▶ [Work task]
Without the pictures, write out every entry that follows exactly.

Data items
====
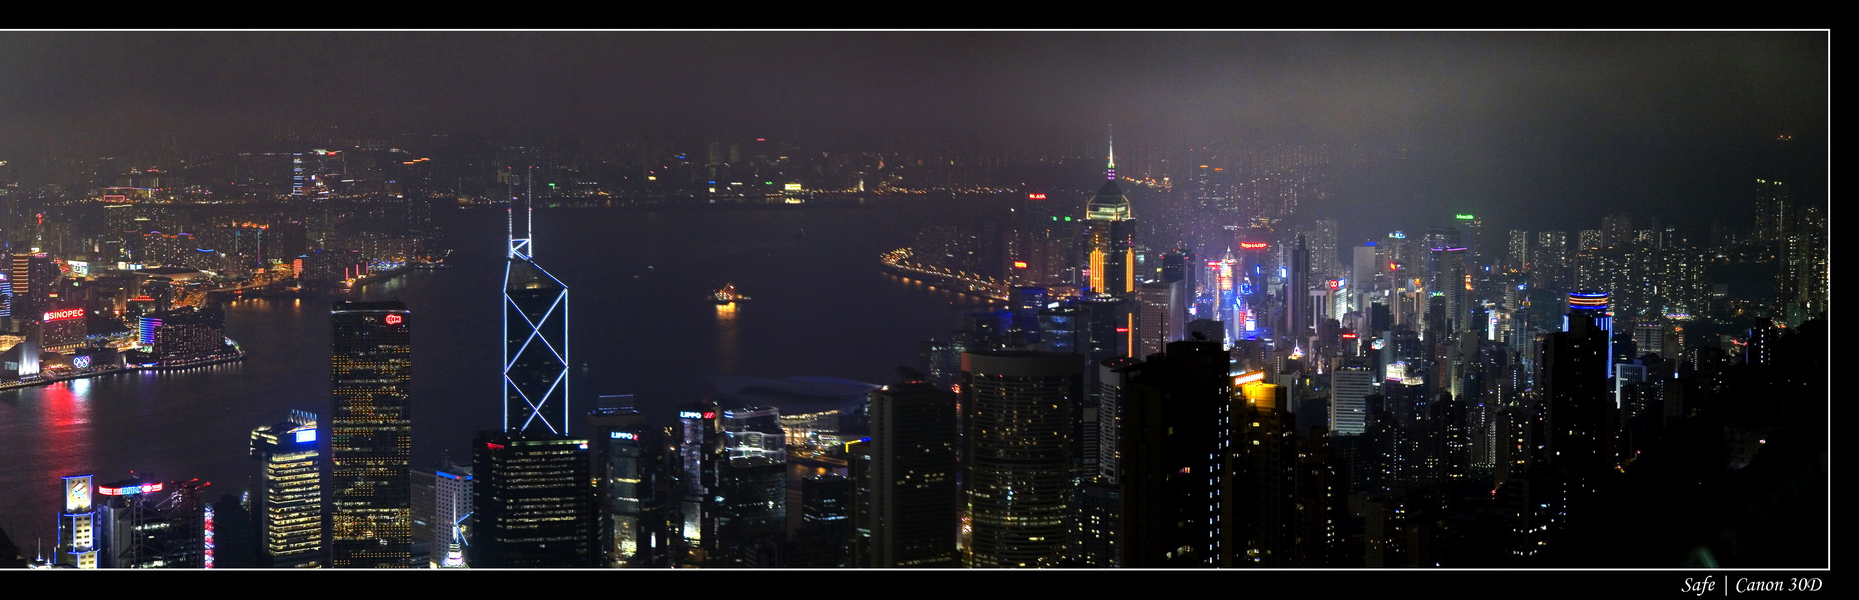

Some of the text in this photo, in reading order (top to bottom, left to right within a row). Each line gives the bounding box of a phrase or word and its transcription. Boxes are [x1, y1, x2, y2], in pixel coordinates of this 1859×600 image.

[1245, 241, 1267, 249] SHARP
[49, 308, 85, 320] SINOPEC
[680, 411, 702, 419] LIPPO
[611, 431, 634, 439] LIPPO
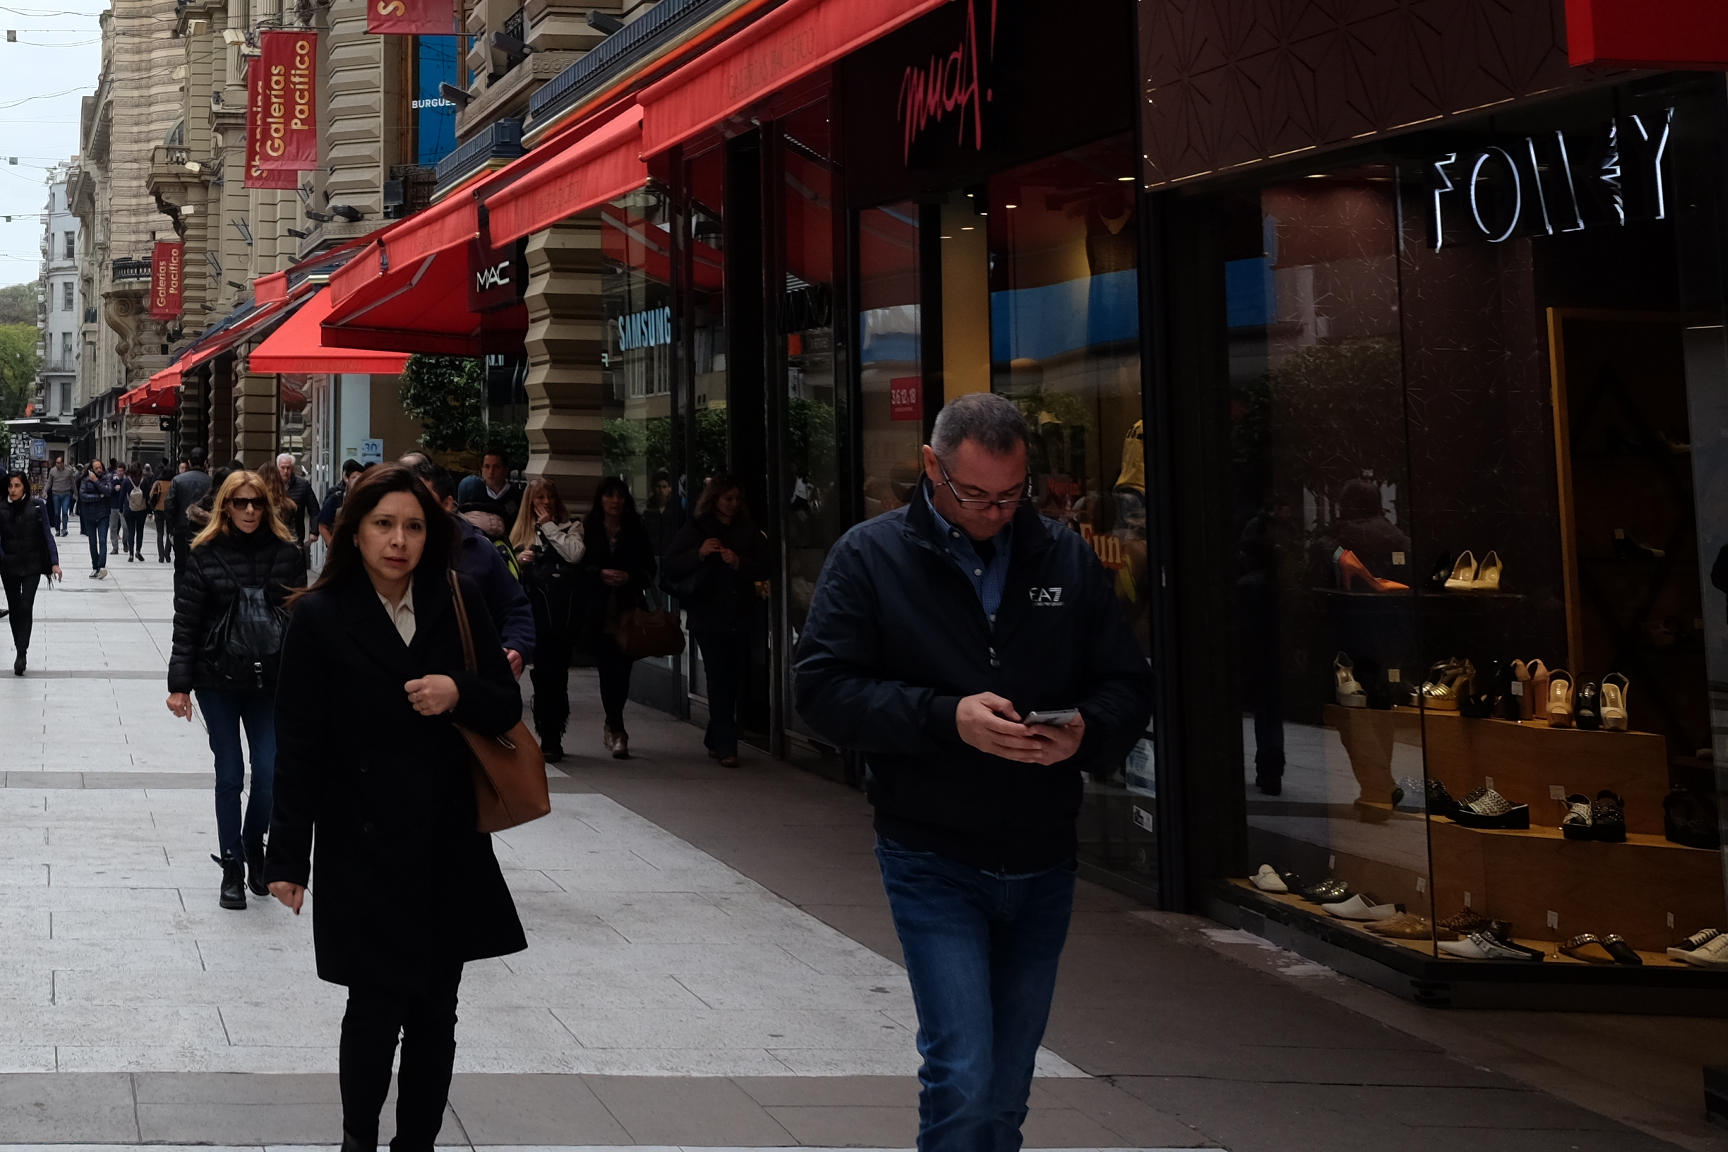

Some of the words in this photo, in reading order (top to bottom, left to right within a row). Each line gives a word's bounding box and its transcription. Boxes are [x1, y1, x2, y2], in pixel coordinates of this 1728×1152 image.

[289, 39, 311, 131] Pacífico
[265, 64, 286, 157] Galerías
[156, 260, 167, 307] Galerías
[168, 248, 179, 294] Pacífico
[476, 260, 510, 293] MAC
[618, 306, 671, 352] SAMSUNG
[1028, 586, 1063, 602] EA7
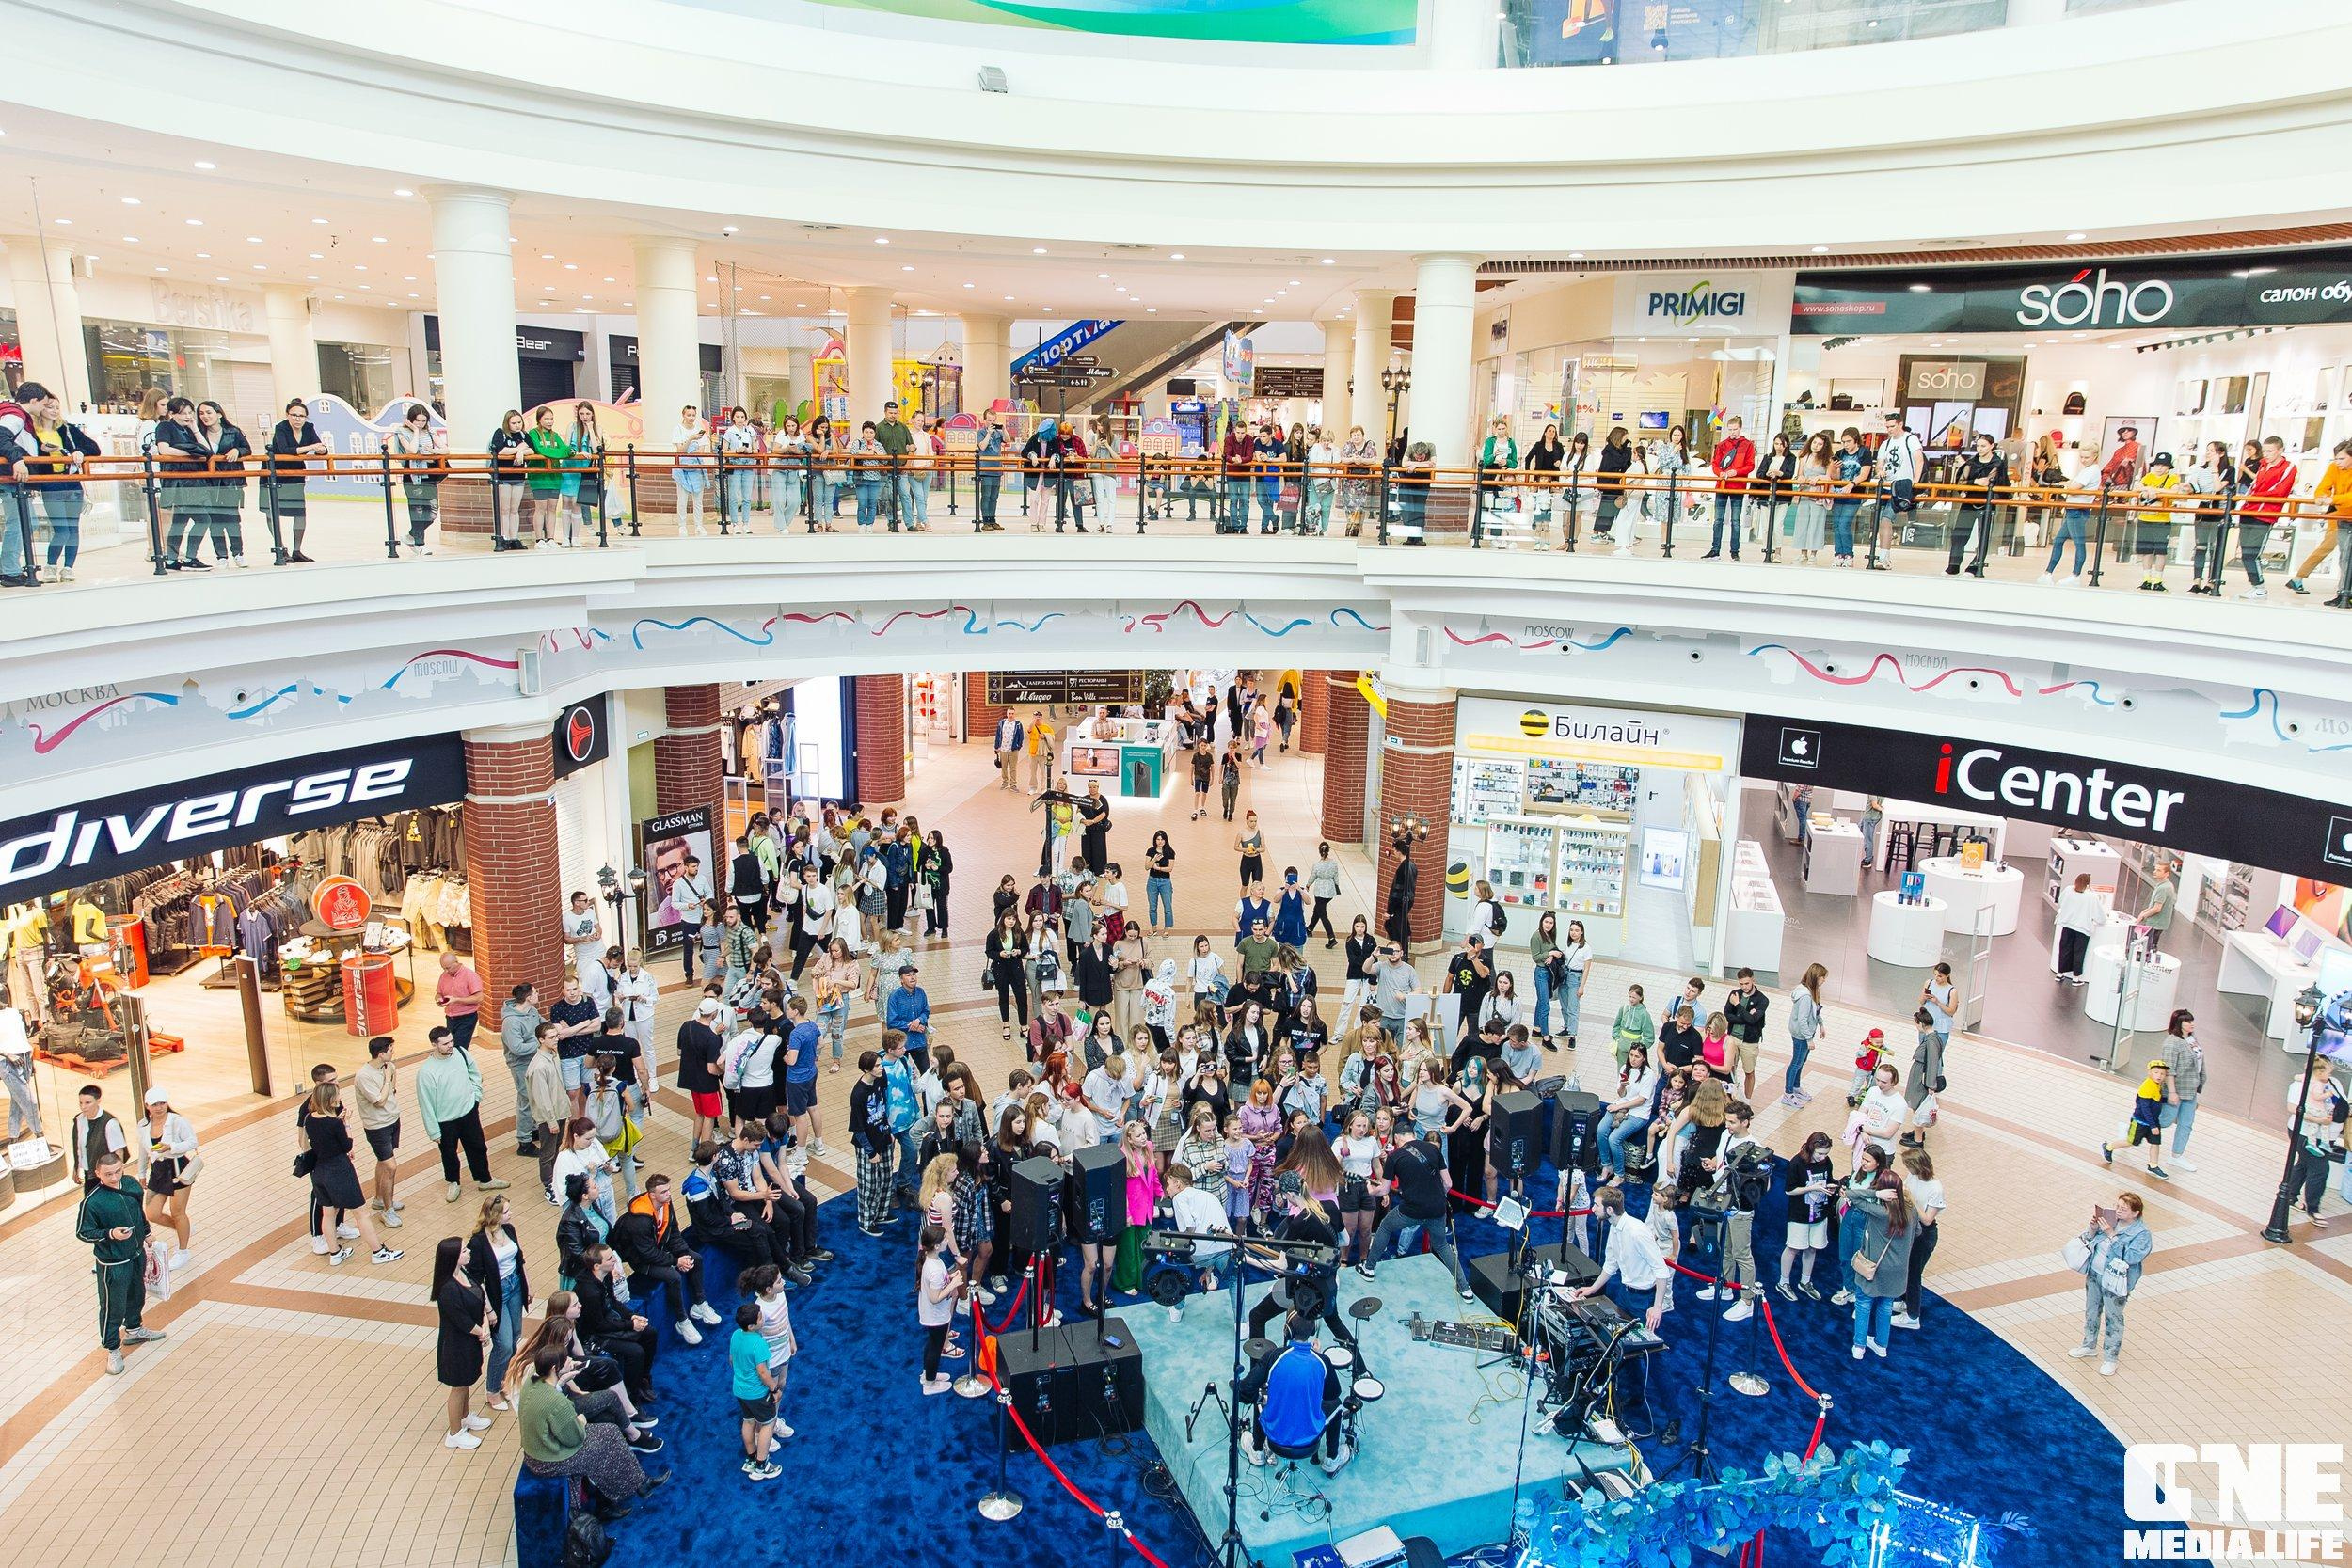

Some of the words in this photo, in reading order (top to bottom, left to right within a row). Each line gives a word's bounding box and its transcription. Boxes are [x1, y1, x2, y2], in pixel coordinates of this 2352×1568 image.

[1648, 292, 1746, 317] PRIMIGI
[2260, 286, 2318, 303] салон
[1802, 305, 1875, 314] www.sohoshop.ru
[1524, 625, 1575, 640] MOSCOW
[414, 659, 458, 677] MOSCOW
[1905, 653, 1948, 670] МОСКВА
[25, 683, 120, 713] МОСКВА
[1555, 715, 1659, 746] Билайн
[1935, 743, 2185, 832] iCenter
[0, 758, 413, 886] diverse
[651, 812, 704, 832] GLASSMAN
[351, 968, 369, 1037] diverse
====
▶ [Output below]
Some of the text in this photo, in reading order (top to bottom, left to right within a row). Each line gives the bounding box of a phrase or word and its transcription. Boxes are [x1, y1, x2, y2], in pixel coordinates of this 1859×600 image.

[1245, 241, 1267, 249] SHARP
[49, 308, 85, 320] SINOPEC
[680, 411, 702, 419] LIPPO
[611, 431, 634, 439] LIPPO

Some of the words in this photo, in reading order (top to bottom, left to right within a row). Each line gives a word's bounding box and its transcription. Boxes are [x1, y1, x2, y2], in pixel coordinates of this 1728×1152 image.

[289, 39, 311, 131] Pacífico
[265, 64, 286, 157] Galerías
[156, 260, 167, 307] Galerías
[168, 248, 179, 294] Pacífico
[476, 260, 510, 293] MAC
[618, 306, 671, 352] SAMSUNG
[1028, 586, 1063, 602] EA7

Some of the words in this photo, in reading order (top to bottom, left to right within a row). Each line gives a word's bounding box and its transcription. Boxes are [x1, y1, x2, y2], in pixel coordinates of this 2352×1568 image.

[1648, 292, 1746, 317] PRIMIGI
[2260, 286, 2318, 303] салон
[1802, 305, 1875, 314] www.sohoshop.ru
[1524, 625, 1575, 640] MOSCOW
[414, 659, 458, 677] MOSCOW
[1905, 653, 1948, 670] МОСКВА
[25, 683, 120, 713] МОСКВА
[1555, 715, 1659, 746] Билайн
[1935, 743, 2185, 832] iCenter
[0, 758, 413, 886] diverse
[651, 812, 704, 832] GLASSMAN
[351, 968, 369, 1037] diverse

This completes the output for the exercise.